INSTRUCTIONS FOR THE TASK:
Repeat each entry as written and leave the images out of the copy.

RECORDS TO PROCESS:
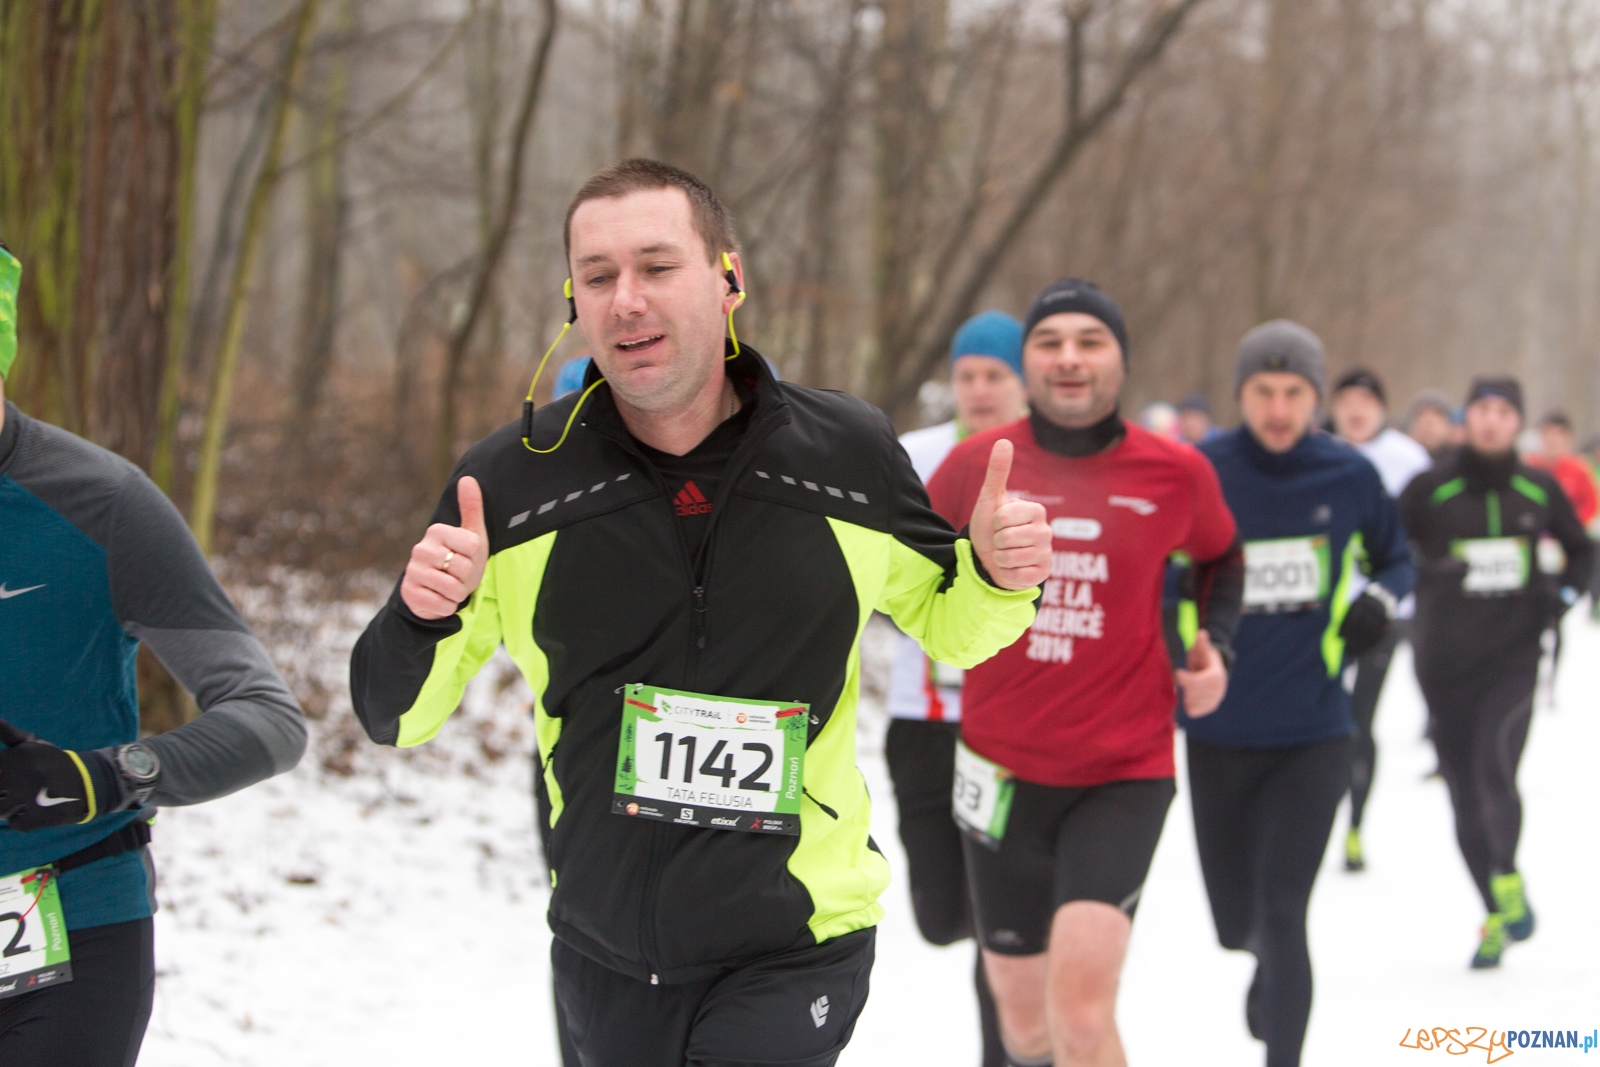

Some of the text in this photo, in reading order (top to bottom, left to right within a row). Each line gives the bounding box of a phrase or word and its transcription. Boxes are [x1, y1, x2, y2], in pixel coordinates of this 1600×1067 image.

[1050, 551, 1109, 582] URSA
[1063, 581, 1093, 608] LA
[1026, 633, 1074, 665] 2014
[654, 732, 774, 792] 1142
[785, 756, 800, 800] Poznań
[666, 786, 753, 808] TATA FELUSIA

WRITTEN ANSWER:
Some of the text in this photo, in reading order (top to bottom, left to right within a row). Each line gives the bounding box of a phrase or word and its transcription. Boxes are [x1, y1, x2, y2], in pixel coordinates of this 1600×1067 image.

[1050, 551, 1109, 582] URSA
[1063, 581, 1093, 608] LA
[1026, 633, 1074, 665] 2014
[654, 732, 774, 792] 1142
[785, 756, 800, 800] Poznań
[666, 786, 753, 808] TATA FELUSIA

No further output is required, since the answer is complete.